It
got worse. It is now well into my
twenty-fifth hour or so in Guilin.
I never used to have anything, whatsoever against Guilin. It will now take a lottery
winning moment or some other remarkable windfall to erase the pungent ass-wart
that my mind will conjure as a result of these twenty-five hours spent here.
When last we spoke I was in a hotel in Guilin, blithely
noting this and that compromise.
Shortly thereafter my roommate and sixty other hapless travelers piled
into a bus and shot off to the airport.
I was communicating with a colleague as I recall about whether or not I
would make it to Hong Kong by 5:00PM.
It is now 9:22PM. I am
still in Guilin.
It all seemed rather reasonable, (as my onward destination
does to me now), the departure time was to be 2:00PM. I settled in to bad coffee and worse instant noodles at the
Guilin airport lounge and waited.
At 2:00PM we were told to board the plane. This is about the only intelligible thing we had been told,
since we heard “Ladies and Gentlemen, this flight is canceled.”
I needn’t belabor it.
You can tell how this will end.
We got on the plane. Waited
an hour and then got a message that the plane was somehow having mechanical
problems. At this point I began to
worry first that other passengers would begin to tear the seats out. My moment would come. We waited another hour and were told to
get off. Departing I told the
staff, who’d looked so professional and glad to see us, only sixty-three
minutes ago, that it wasn’t their fault but that the pilot should
apologize. As if on cue the pilot
opened the door, I repeated my suggestion and he immediately apologized, which
wasn’t at all satisfying.
Back in the boarding area we were trapped in the “already
passed immigration” nether-zone and forced to wait, with no news. I got increasingly furious along with
everyone else, stomped around, shouted aimless inquiries to people who were
powerless, strode up to immigration authorities and demanded things that that
they couldn’t abide. A crowd was at the gate door, 跌脚捶胸[1] with two hapless staff.

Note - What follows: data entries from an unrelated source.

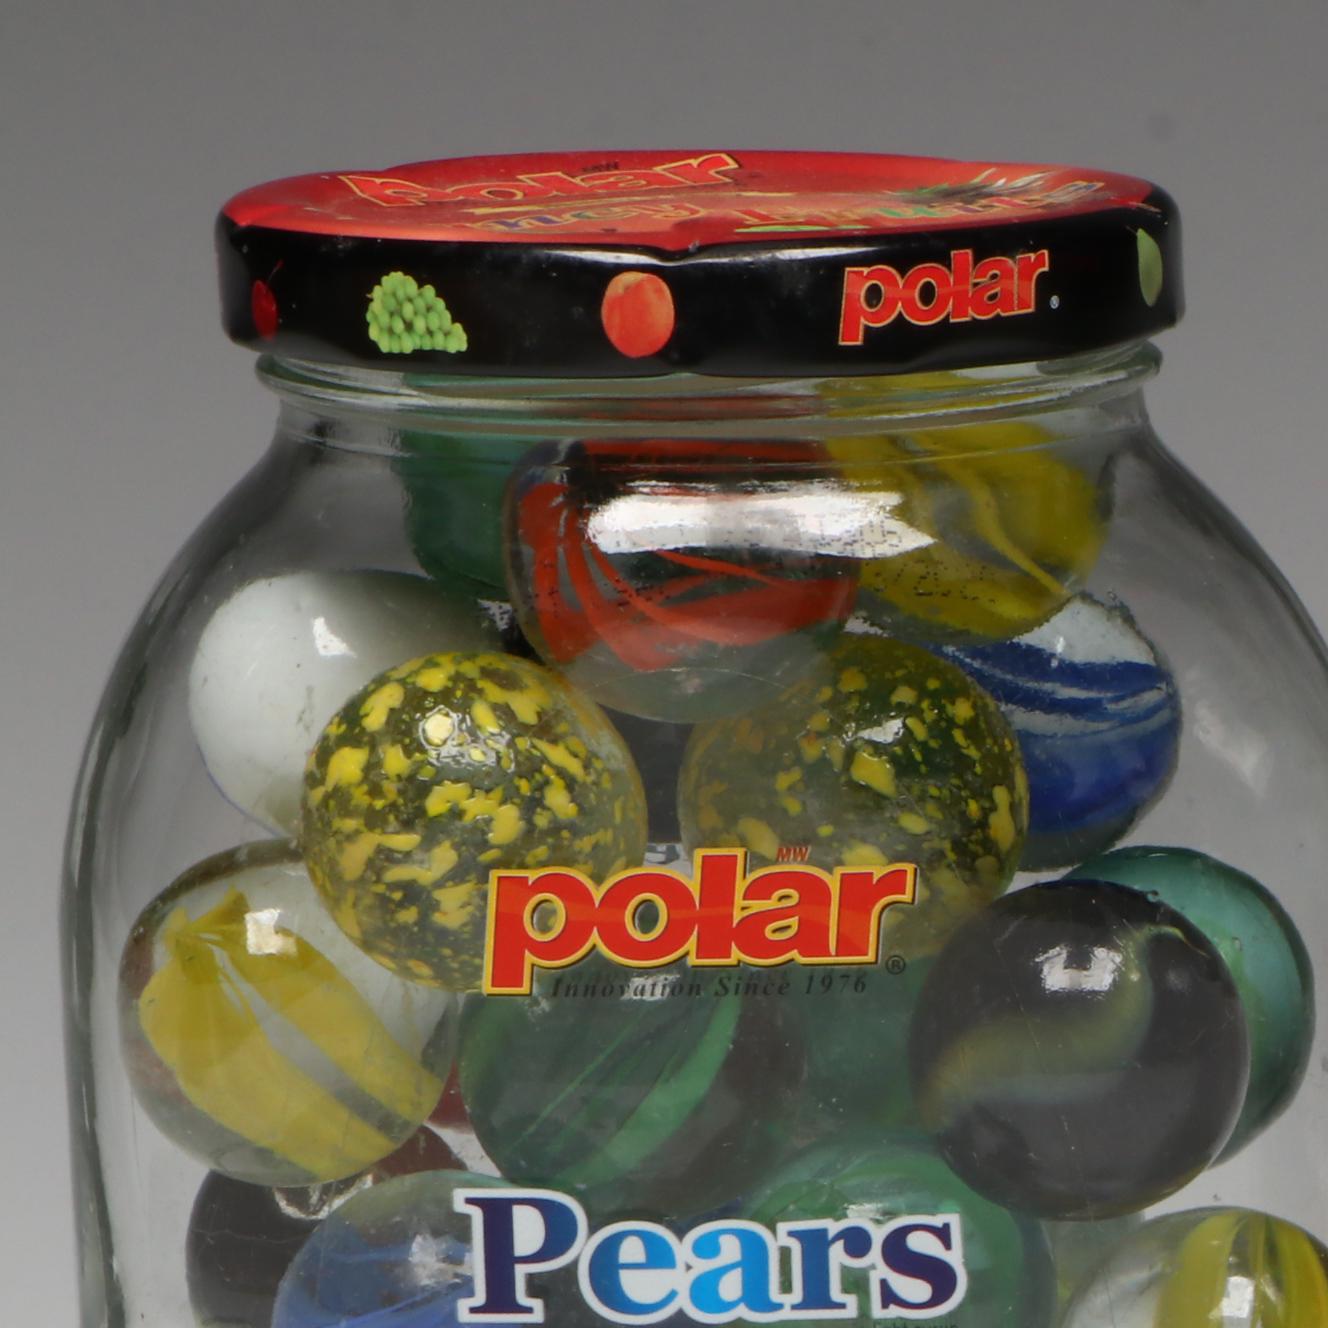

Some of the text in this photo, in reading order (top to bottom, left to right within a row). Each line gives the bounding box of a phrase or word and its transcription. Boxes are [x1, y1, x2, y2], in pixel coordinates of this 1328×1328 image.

[338, 152, 739, 207] polar
[838, 249, 1049, 346] polar
[775, 846, 810, 863] MW
[483, 847, 918, 997] polar
[550, 974, 867, 999] Innovation Since 1976
[453, 1188, 968, 1324] Pears

The girl in the lounge had the number for the “person at Air
China in charge.” I called
him. He made the mistake of saying
“he didn’t have free time to address this” and I flipped out. After yelling a while I decided to give
his number to about a dozen other angry people over at mob central where I kept
walking back to every few minutes.
A gerbil pacing back and forth I tried travel services, my wife, friends,
and eventually discerned that the best course of action was to cajole my way
out passed immigration and buy a new ticket elsewhere. After an exhausting discussion with the
lads from boarder control, I was allowed to exit. At no point during all this did Air China offer anything
intelligent to say other than, “we don’t know.”
I opted to simply pursue a direct ticket to my next
destination city Shenzhen. CTRIP
the China online travel service would not serve me as I was without a domestic
Chinese credit card for flight within a twenty-four hour period. Many, many
other things could have gone wrong but didn’t and before long I had a new
ticket to Shenzhen from the counter outside and paused to consider how best to spend the next seven hours here Guilin International.
I bumped into
one hapless French woman with a young boy in tow, who couldn’t access cash and
was denied use of a credit card. I
thought of all the times I’ve traveled with kids and imagined what a
considerably deeper gargle with a cucumber day this would have been if my
children had been with me. I
paused to help her in any way I could, mostly negotiating with frustrated
functionaries. Eventually, we got
her a ticket and she was on her way, as well.
Now it is 9:39PM.
Yet another stride pianist whom I’d never heard of is trying his best to
cool me down. “Anitra’s Dance” by
Donald Lambert recorded around 1951 is beginning to move me on, warm, live,
determined. http://en.wikipedia.org/wiki/Donald_Lambert I’ve just under two
more hours to kill, here in the Guilin International Airport. Is it just me or is the Guiyang
waitress here at the airport restaurant exceptionally polite. This too, is helping.
I confess to you tender reader, if I strut out on to the
tarmac one more time in this globe-spin to find that a flight is cancelled or a
plane is malfunctioning or inclement weather is limiting options, I may go the
way of our friend the U.S. Postal worker . . . May this confessional serve as Exhibit A; said gent, boarded the plane with a
clear, head, and without specific malice aforethought, prepared for and
expecting the worse, but full of hope, nonetheless that his time in Guilin was now properly winding down.
[1] diējiǎochuíxiōng: lit. stamping and beating the chest
(idiom); fig. angry or stressed about something.